There may be ways around this in terms of how we present it in the RO-Crate spec, i.e. just provide examples of the most common cases, more or less equivalent to table-schema?
EDIT: if we did this, the psych-ds community might be a good test group as they are clearly struggling with the fact that schema.org doesn't quite do what they need
I don't think you need to adopt all of it, just the parts that cover your use cases (as you point out). In PROV we had like 3 main concepts and 8 relationships among them and people still said it was complicated...

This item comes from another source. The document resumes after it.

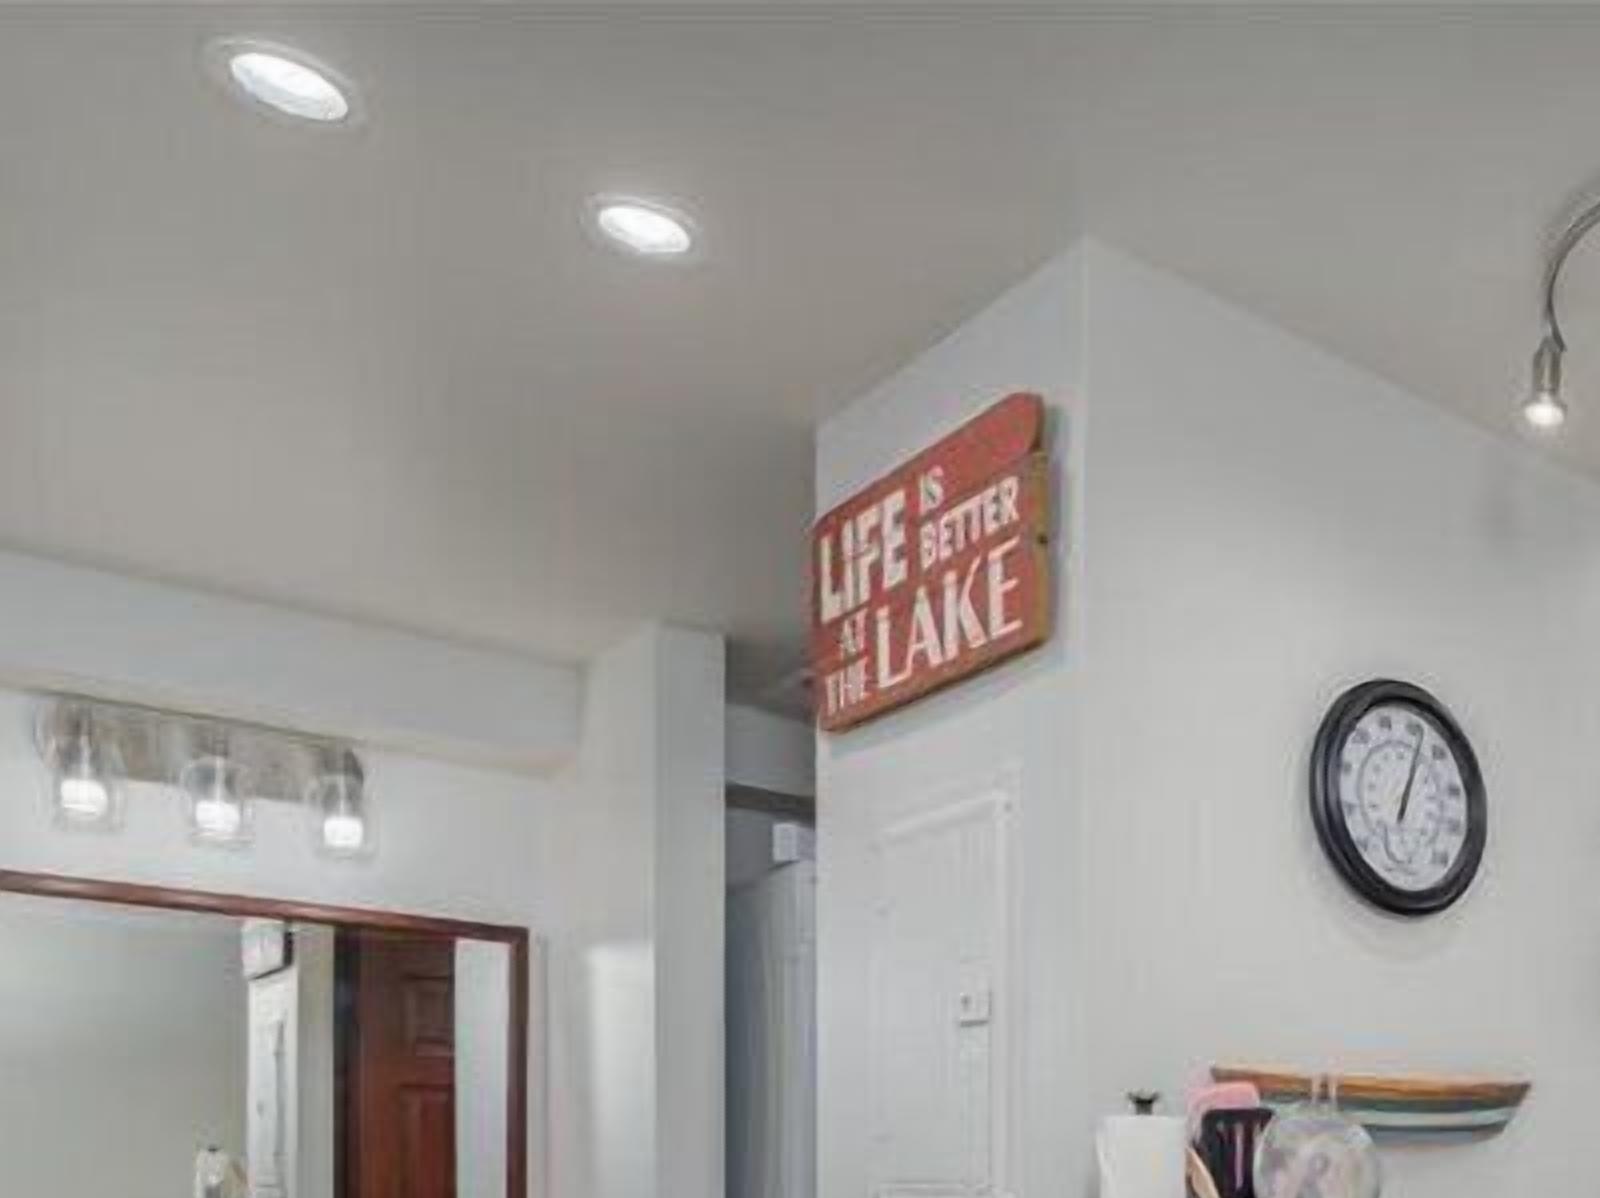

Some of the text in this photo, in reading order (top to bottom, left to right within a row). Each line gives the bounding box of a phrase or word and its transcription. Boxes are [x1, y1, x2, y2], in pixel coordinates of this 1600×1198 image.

[820, 465, 944, 624] LIFE IS
[919, 476, 1020, 570] BETTER
[825, 535, 1024, 716] THE LAKE
[840, 607, 868, 660] AT

Example of what the schema.org approach would look like in an RO-Crate context:
{ "@context": "https://w3id.org/ro/crate/0.3-DRAFT/context",
"@graph": [
{
"@id": "./",
"@type": [
"Dataset"
],
"hasPart": [
{
"@id": "./table.csv"
},
],
},
{
"@id": "./table.csv",
"@type": ["File", "Dataset"],
"contentSize": "383766",
"description": "A table capturing all my data",
"variableMeasured": [
{
"type": "PropertyValue",
"unitText": "metres",
"name": "wall_width",
"description": "The width of the wall in metres"
},
{
"type": "PropertyValue",
"unitCode": "CMT",
"name": "wall_height",
"description": "The height of the wall in centimetres"
},
{
"type": "PropertyValue",
"name": "datetime",
"description": "The date and time of the measurement"
},
]
},
]
Issue: in schema.org variableMeasured is only defined as a property of schema:Dataset, i.e. it cannot be used on an RO-Crate file as this maps to schema:MediaObject
EDIT: made the file a Dataset in the example above following @dgarijo's comments below
Are they disjoint (I don't see anything about that in schema.org)? If not, I don't see the problem in using them.
Would that mean making all ro-crate "files" be both schema:MediaObject and schema:Dataset?

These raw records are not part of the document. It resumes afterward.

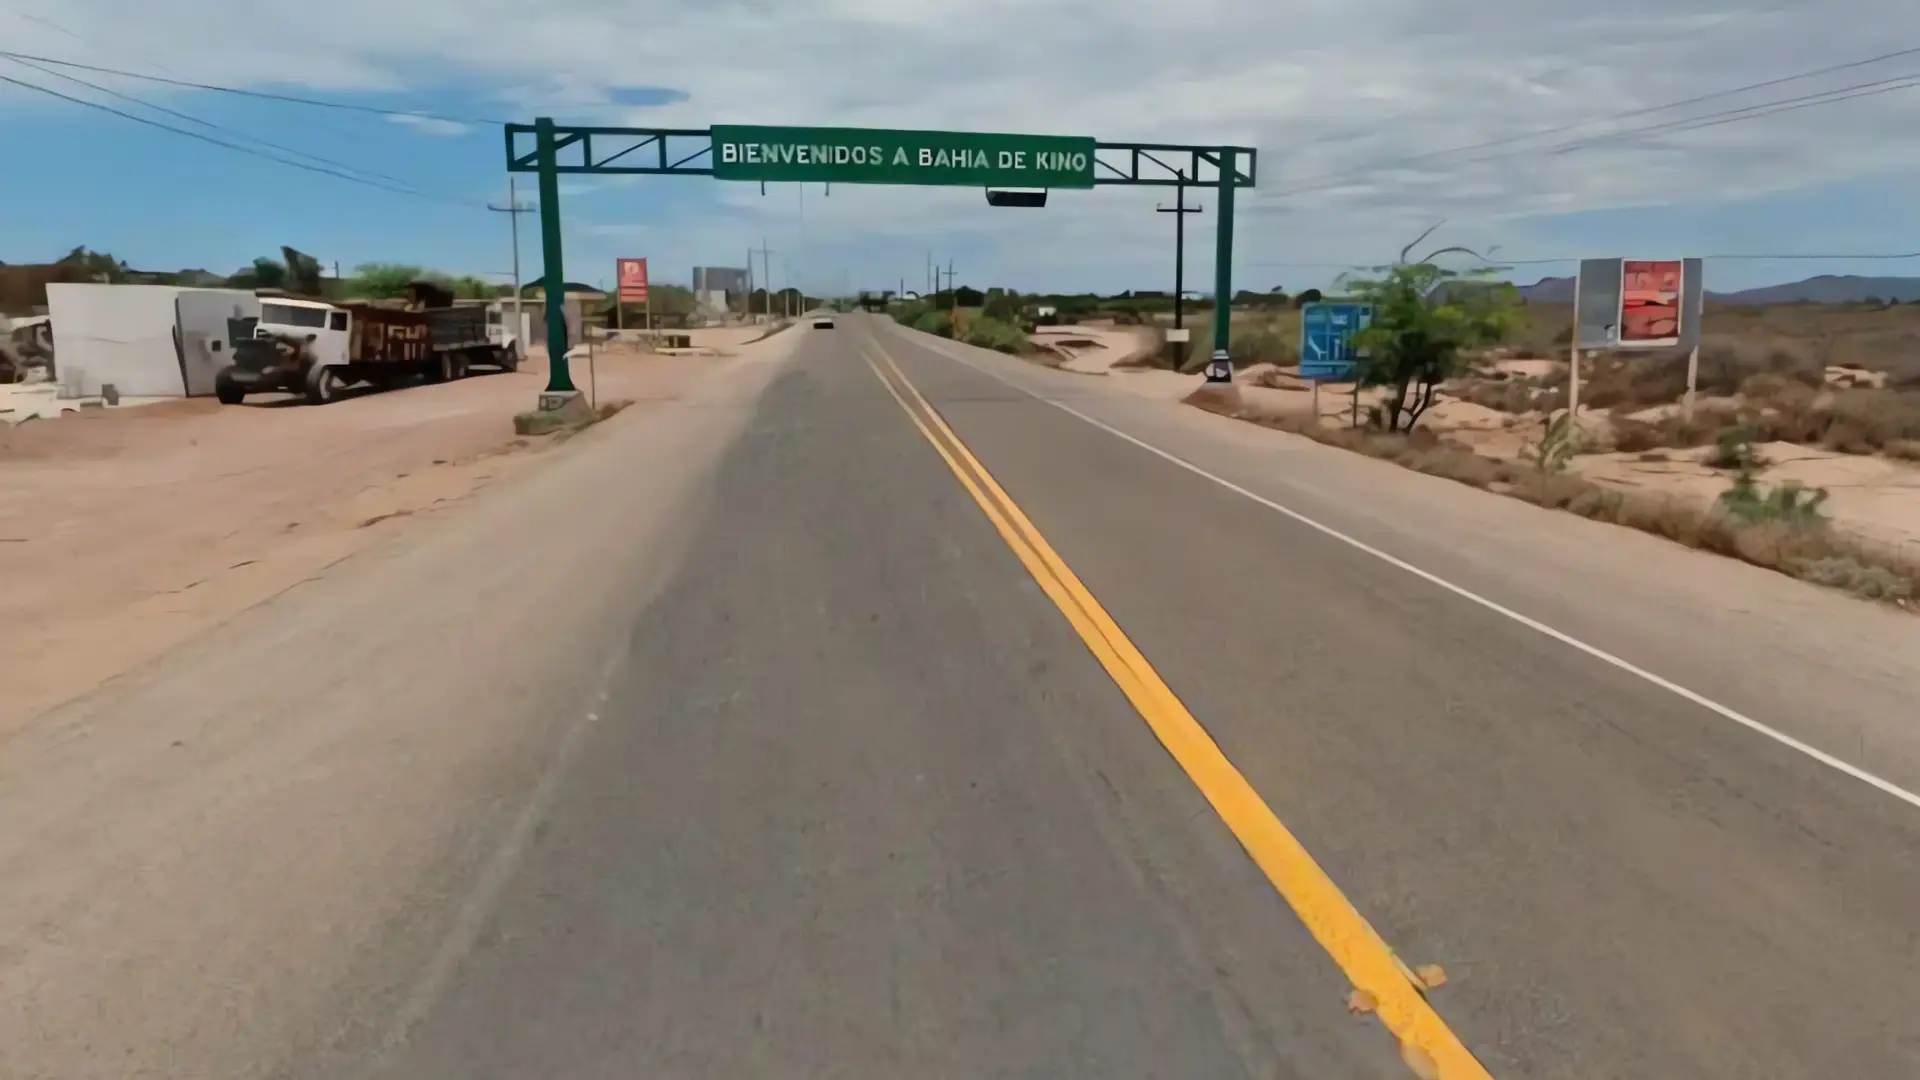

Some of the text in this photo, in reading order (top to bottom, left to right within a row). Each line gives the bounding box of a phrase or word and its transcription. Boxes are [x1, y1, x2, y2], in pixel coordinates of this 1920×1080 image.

[722, 143, 1087, 172] BIENVENIDOS A BAHIA DE KINO
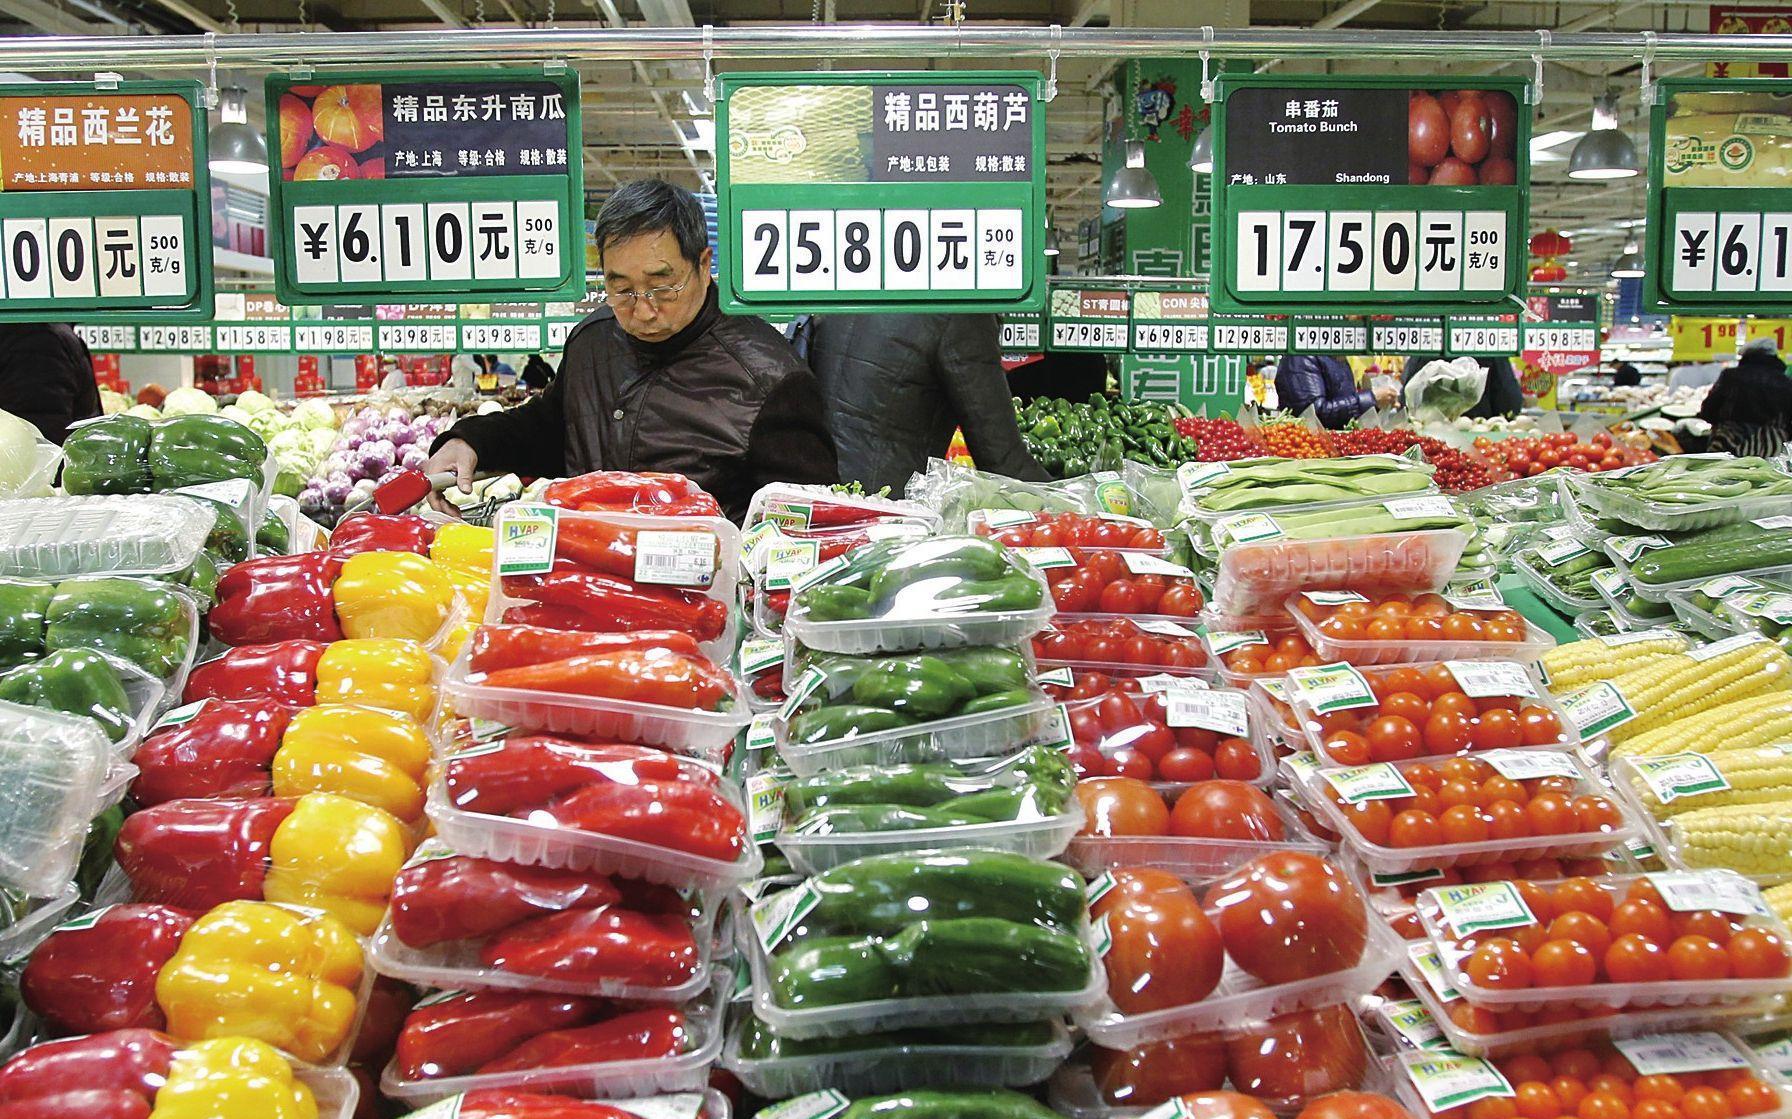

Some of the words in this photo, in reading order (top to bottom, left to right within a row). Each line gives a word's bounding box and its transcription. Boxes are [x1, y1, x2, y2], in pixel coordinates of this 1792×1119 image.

[393, 94, 566, 123] 精品东升南瓜
[885, 92, 1029, 131] 精品西葫芦
[1286, 100, 1339, 118] 串番茄
[18, 107, 174, 146] 精品西兰花
[1269, 121, 1316, 133] Tomato
[1319, 121, 1358, 133] Bunch
[1335, 173, 1390, 184] Shandong
[525, 218, 553, 232] 500
[150, 235, 179, 249] 500
[985, 229, 1014, 242] 500
[1470, 230, 1498, 244] 500
[525, 239, 554, 255] 克/g
[150, 257, 180, 274] 克/g
[984, 250, 1014, 266] 克/g
[1469, 252, 1499, 270] 克/g
[1163, 300, 1188, 310] CON
[510, 525, 539, 538] HVAP
[1449, 885, 1488, 902] HVAP

not all of them, just the ones you want to describe with those properties. A research object may contain many files. Some of them may be datasets. Some may be Slides, workflows, SoftwareApplications...
Ok - made that change in the example above. Fact remains that schema.org doesn't cover a lot of common use cases for describing tabular data, so should we look at providing a simplified subset of CSVW more or less corresponding to table_schema?
I have a naive question: if the tabular format is an standard one, described in some ontology (but not at this granularity level), what should we do?
@dgarijo also mentions https://www.w3.org/TR/vocab-data-cube/
I have a naive question: if the tabular format is an standard one, described in some ontology (but not at this granularity level), what should we do?
@stian suggested conformsTo or schema:additionalType (or maybe schema:schemaVersion)
isatab is another example
Hello, we are really interesting into using Ro-Crate for a project and this use case would also be really important for us. Is there any news on this in general or integrating an existing solution as listed above? Thanks!
Thanks, @LauraWalters, for re-awakening this discussion - I've added this to the agenda for the RO-Crate Community Call this Thursday.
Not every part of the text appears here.